● EXERCISE DIRECTIONS: Transcribe all records below exactly, without images.

● SUPPLIED ENTRIES:

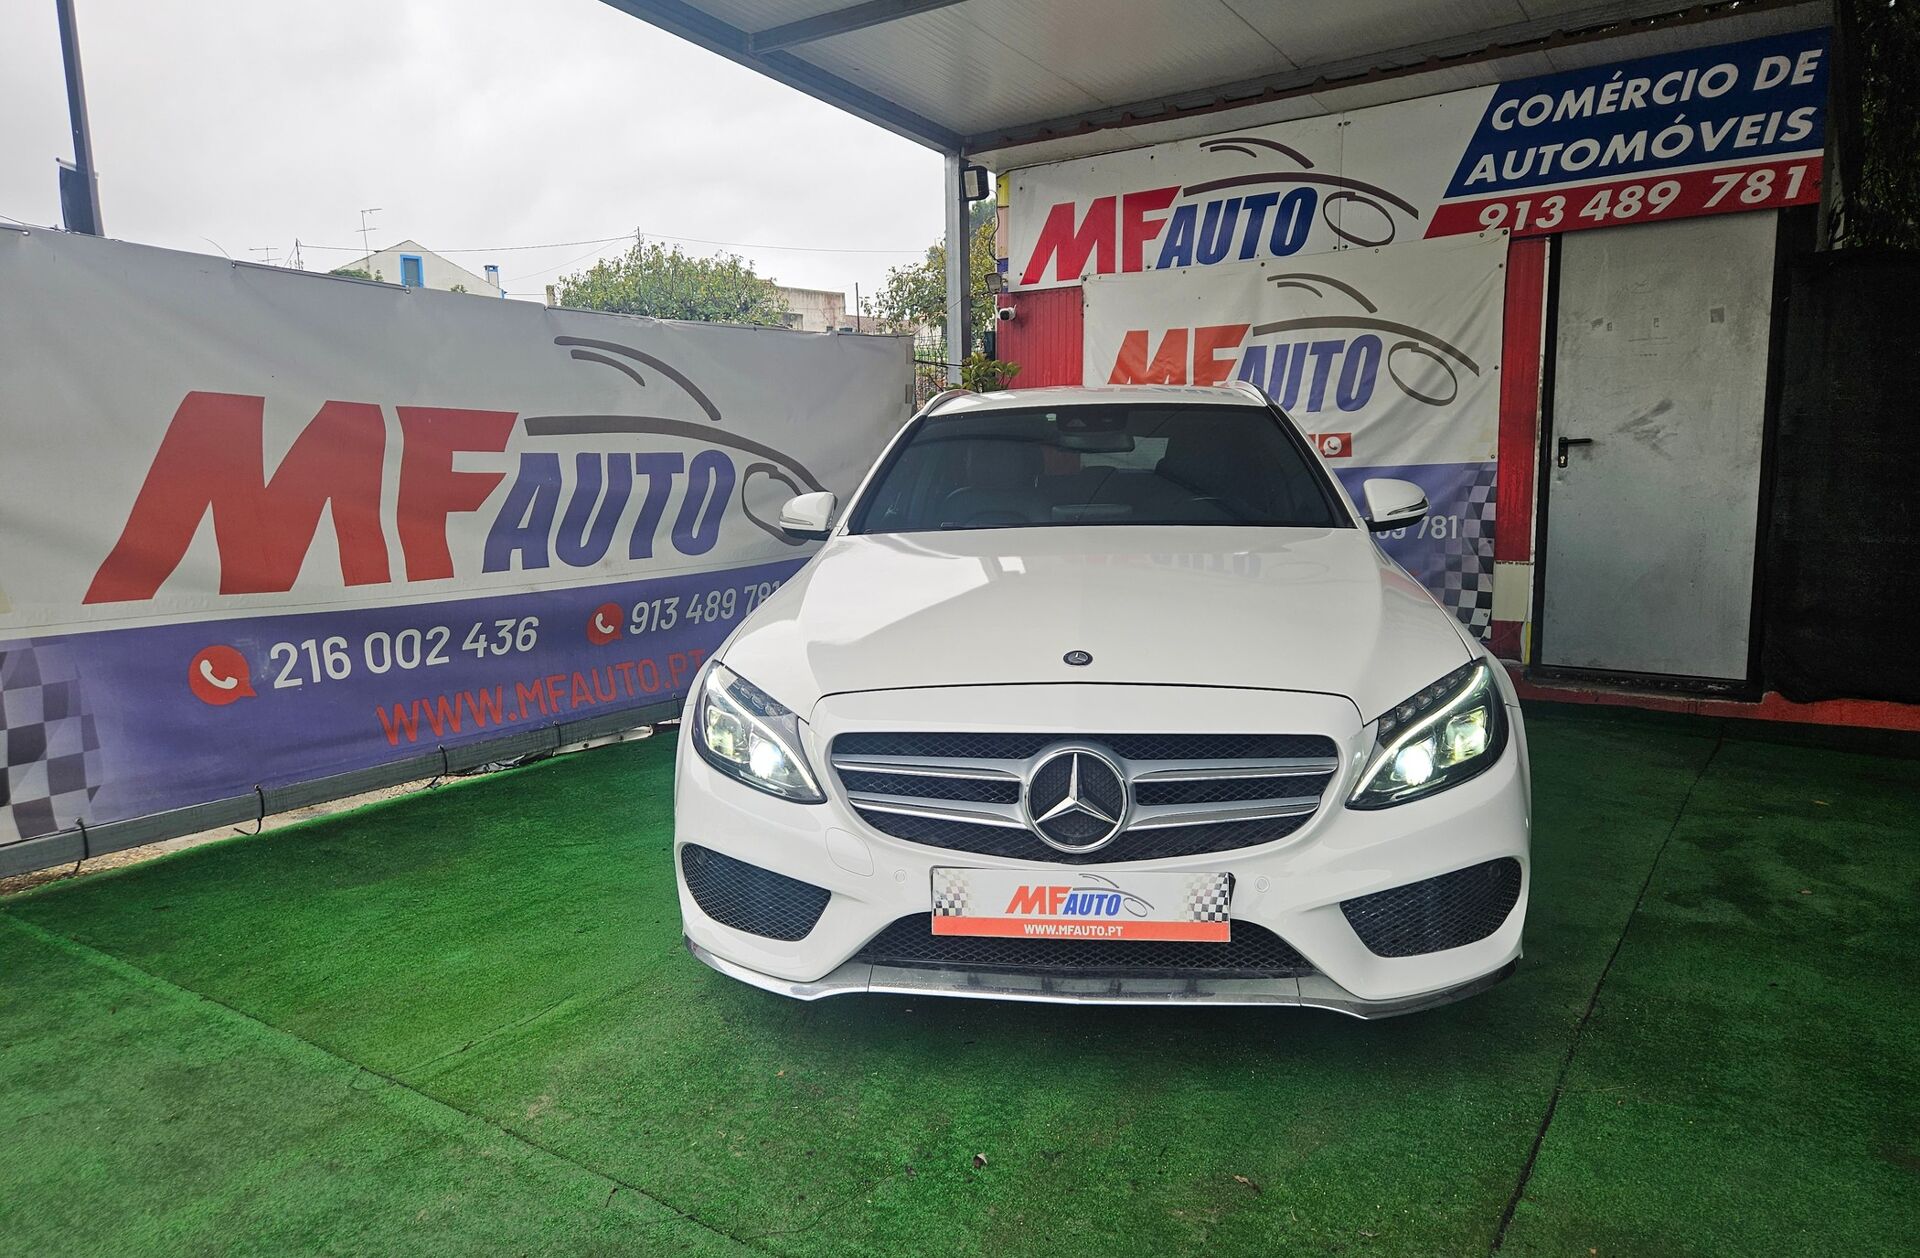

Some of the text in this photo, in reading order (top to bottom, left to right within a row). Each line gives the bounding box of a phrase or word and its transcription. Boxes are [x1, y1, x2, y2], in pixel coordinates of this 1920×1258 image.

[1491, 49, 1823, 132] COMÉRCIO DE
[1463, 106, 1818, 186] AUTOMÓVEIS
[1478, 165, 1808, 232] 913 489 781
[1417, 514, 1458, 539] 781
[629, 596, 680, 635] 913
[685, 588, 736, 625] 489
[270, 616, 540, 690] 216 002 436
[1024, 924, 1123, 936] WWW.MFAUTO.PT

● WRITTEN ANSWER:
Some of the text in this photo, in reading order (top to bottom, left to right within a row). Each line gives the bounding box of a phrase or word and its transcription. Boxes are [x1, y1, x2, y2], in pixel coordinates of this 1920×1258 image.

[1491, 49, 1823, 132] COMÉRCIO DE
[1463, 106, 1818, 186] AUTOMÓVEIS
[1478, 165, 1808, 232] 913 489 781
[1417, 514, 1458, 539] 781
[629, 596, 680, 635] 913
[685, 588, 736, 625] 489
[270, 616, 540, 690] 216 002 436
[1024, 924, 1123, 936] WWW.MFAUTO.PT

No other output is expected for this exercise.